WWDC 2014 Prelude - _pius
http://daringfireball.net/2014/06/wwdc_2014_prelude
======
jballanc
> They wanted to hire Jimmy Iovine. Apple needs to make more deals with the
> entertainment industry, and by all accounts, having Iovine on team Apple
> will help.

When Apple was putting together the iTunes music store, Steve Jobs bought a
condo overlooking Central Park in Manhattan. He had no intention of moving
from his home in California, but he knew that he would need a place to wine-
and-dine the record label executives, and even the penthouse at the Ritz
wouldn't cut it.

I don't think people really appreciate how much Jobs "got" the entertainment
industry. He knew not only how to work with, and negotiate with, entertainment
industry executives, but he was also the head of a ridiculously successful
movie studio himself.

Apple without Jobs doesn't have to worry about design, as Ive's team has that
(mostly) under control, they don't have to worry about marketing, as Schiller
is still one of the best at what he does, and they definitely don't have to
worry about operations with Cook at the helm. What Apple without Jobs is still
missing (if they still care about being in your living room) is someone who
really understands the entertainment industry.

------
gfodor
If this is the WWDC prediction thread, I'll go ahead and be the guy who
predicts a new Apple hardware device. I expect Apple's predicted "iWatch" is
actually going to be an "iBand" and is going to be a simple, elegant wristband
(likely with a minimal or non-existent display) that is meant to augment the
functionality of iOS 8 on your iPhone through the use of always-on sensors
that measure heart rate, etc. The announcement of iOS 8 seems to be the proper
venue to introduce this device since my guess is a lot of the focus in iOS 8
will seem misplaced unless you consider the value of this companion device.

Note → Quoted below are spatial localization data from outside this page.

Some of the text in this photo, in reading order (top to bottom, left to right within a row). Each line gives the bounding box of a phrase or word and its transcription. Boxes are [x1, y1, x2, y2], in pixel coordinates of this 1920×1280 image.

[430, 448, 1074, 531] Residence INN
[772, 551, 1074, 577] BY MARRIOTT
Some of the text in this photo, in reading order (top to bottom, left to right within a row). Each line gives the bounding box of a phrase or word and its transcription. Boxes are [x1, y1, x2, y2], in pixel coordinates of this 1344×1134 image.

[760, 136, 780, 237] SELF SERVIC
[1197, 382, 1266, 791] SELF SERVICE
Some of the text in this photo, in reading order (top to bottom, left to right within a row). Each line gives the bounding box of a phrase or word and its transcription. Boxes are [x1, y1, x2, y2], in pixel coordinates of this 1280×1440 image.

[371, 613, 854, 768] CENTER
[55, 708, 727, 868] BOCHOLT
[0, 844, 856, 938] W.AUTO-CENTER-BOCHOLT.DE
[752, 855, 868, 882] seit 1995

In turn, I expect there to be the usual major backlash that Apple did not
release a unicorn Dick Tracy watch from the future. Many folks will say that
Nike, Fitbit, etc, already did this. But Apple's will be better designed and
incredibly tightly integrated. There will also probably be some genuine novel
parts to it, most likely around recharging (solar/wireless? Never take it
off?) and the ability for the person to customize how the device looks. There
will probably also be a few other applications beyond fitness and health.
(Payments?) Ultimately I'd guess it will eventually be worn by most folks who
buy the latest Apple phones. I expect it to be relatively cheap compared to
most new Apple products, prob $149 or something. When iPhone 6 hits you'll
probably be able to buy one for $99 or something when you buy the phone.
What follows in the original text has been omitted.